▶ **DATA PROVIDED**
•••••

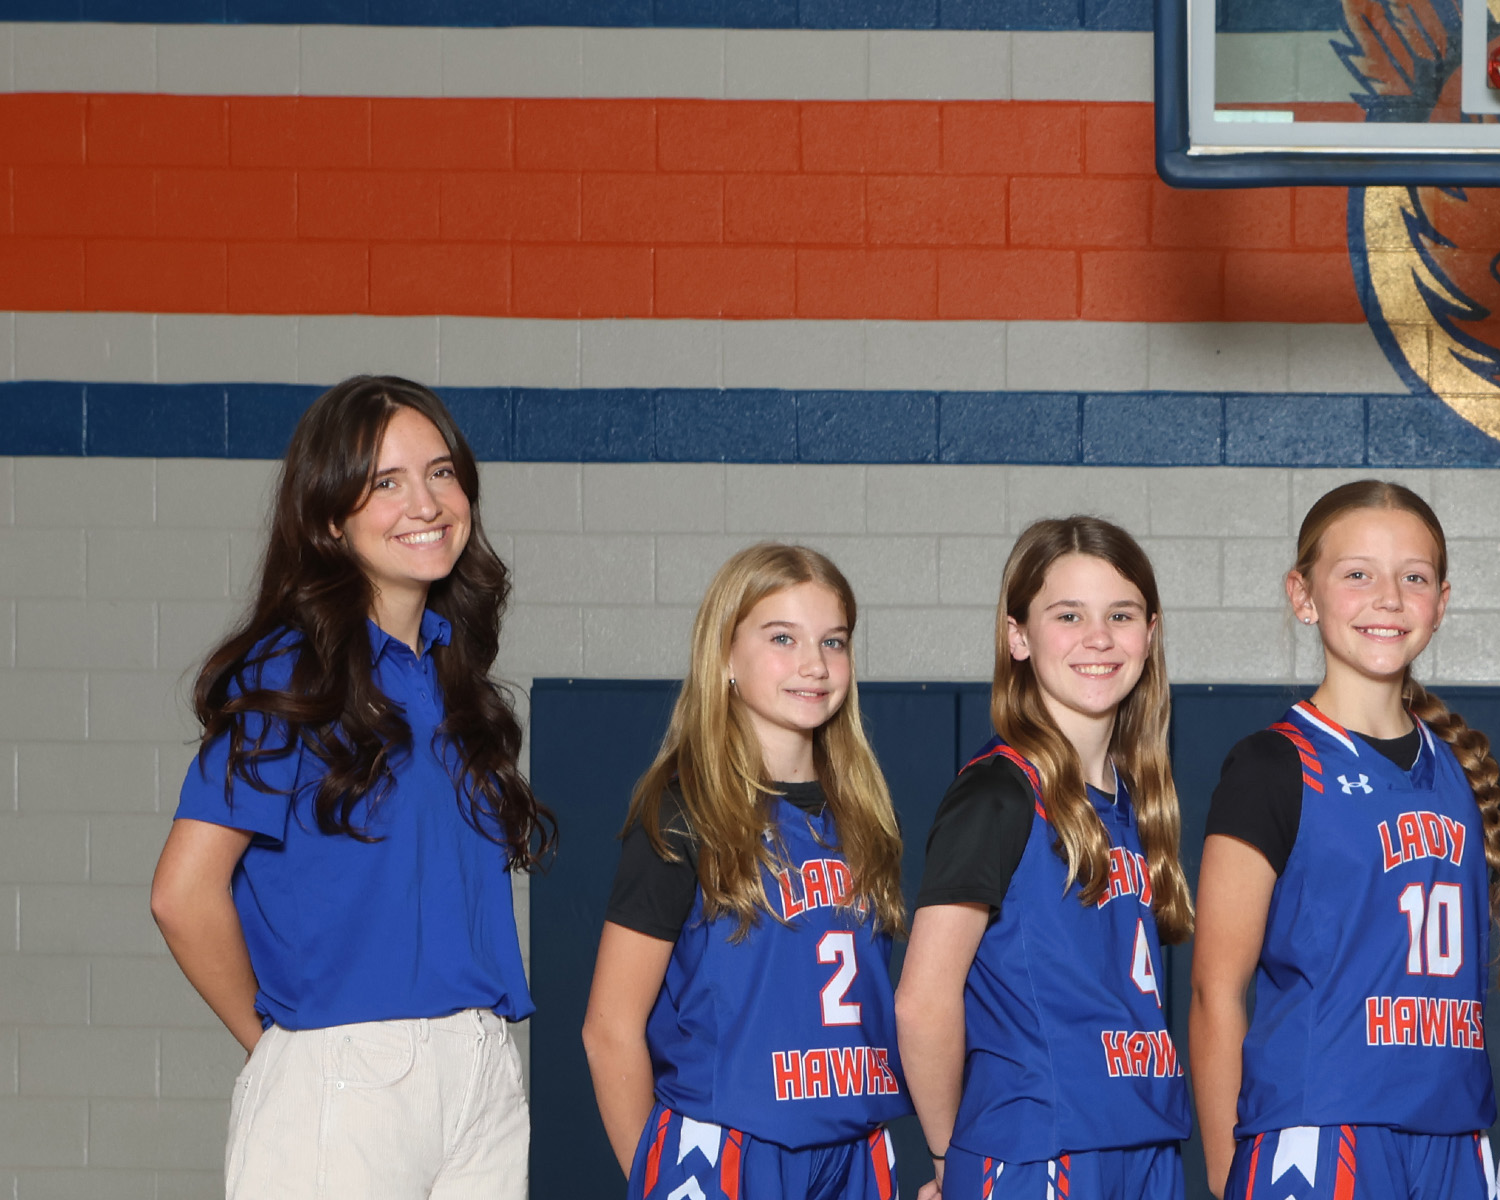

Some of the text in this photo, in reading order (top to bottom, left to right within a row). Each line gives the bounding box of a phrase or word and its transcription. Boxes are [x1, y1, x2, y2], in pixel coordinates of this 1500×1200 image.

[1377, 811, 1467, 873] LADY
[779, 859, 867, 921] LAD
[1398, 882, 1464, 978] 10
[816, 930, 862, 1026] 2
[1129, 918, 1162, 1009] 4
[1101, 1030, 1185, 1078] HAW
[1365, 996, 1485, 1050] HAWKS
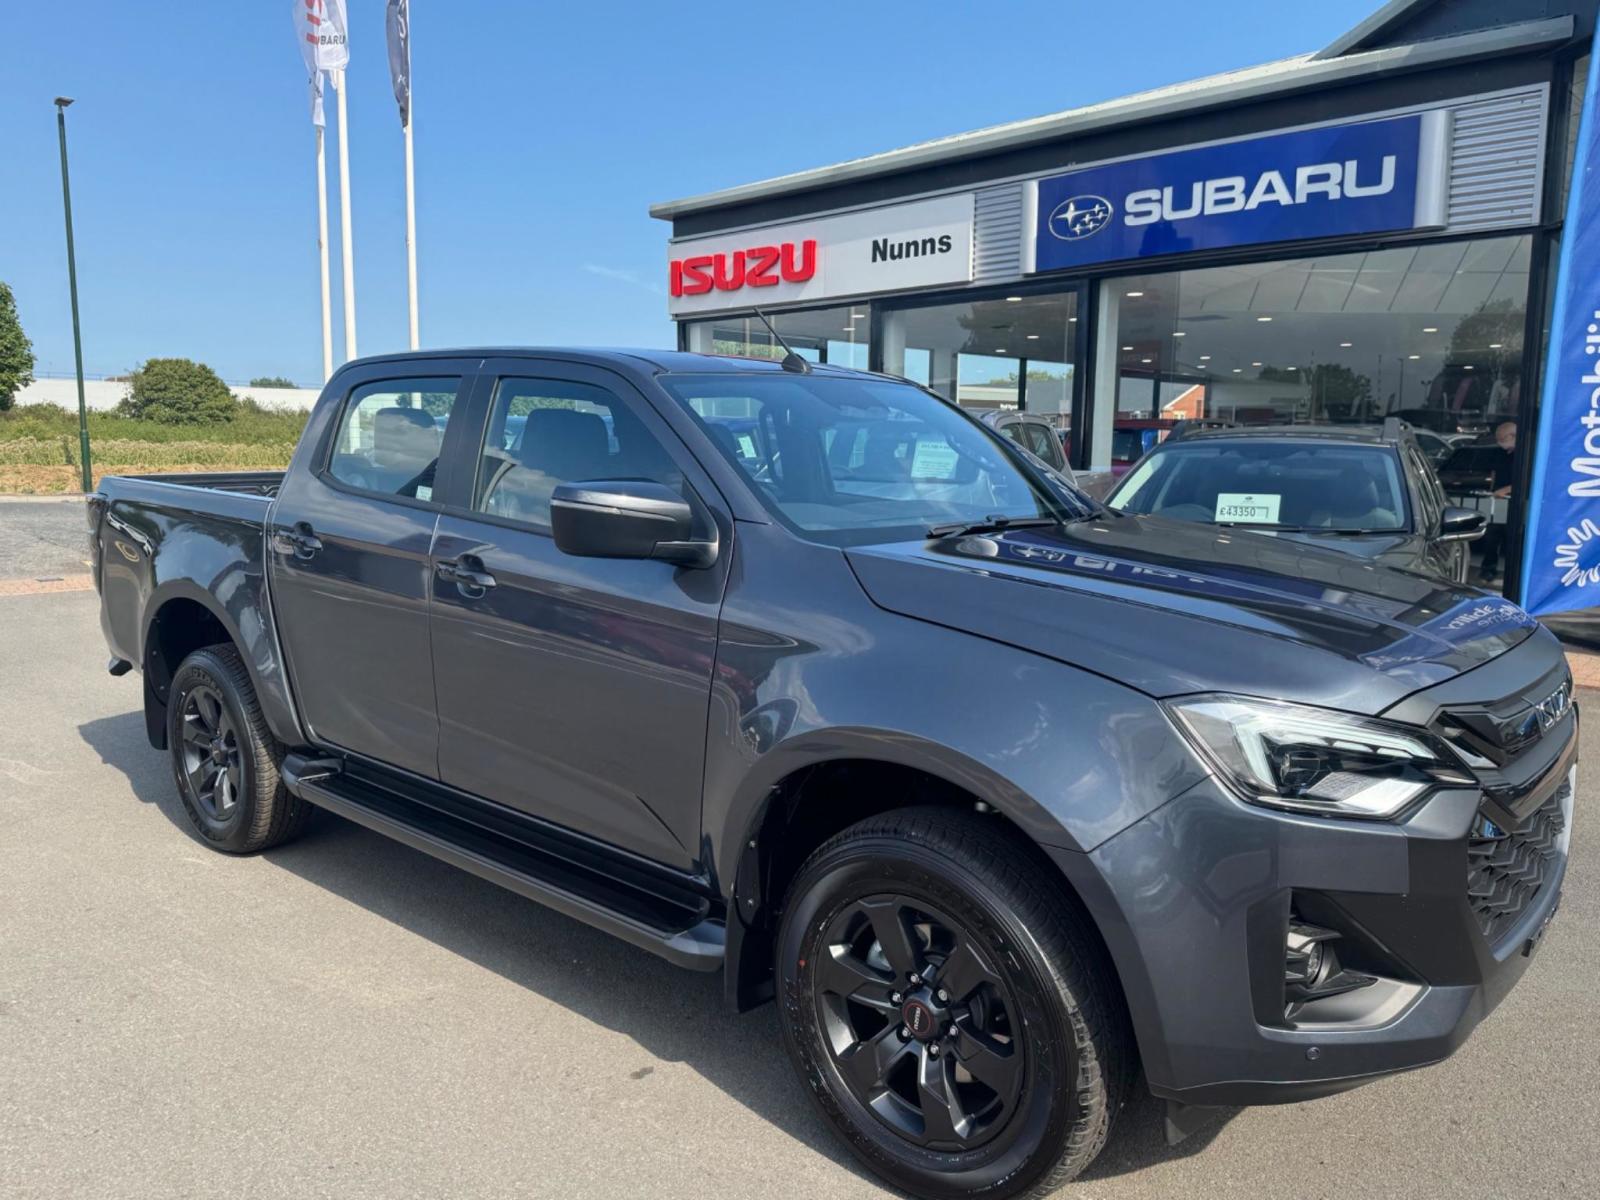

•••••

In copying the material, drop all pictures and keep everything else identical.

Some of the text in this photo, in reading order (top to bottom, left to right within a row). Each line gives the bounding box of a phrase or word and its transcription. Boxes are [x1, y1, x2, y2], in pixel coordinates of this 1500×1200 image.

[1377, 811, 1467, 873] LADY
[779, 859, 867, 921] LAD
[1398, 882, 1464, 978] 10
[816, 930, 862, 1026] 2
[1129, 918, 1162, 1009] 4
[1101, 1030, 1185, 1078] HAW
[1365, 996, 1485, 1050] HAWKS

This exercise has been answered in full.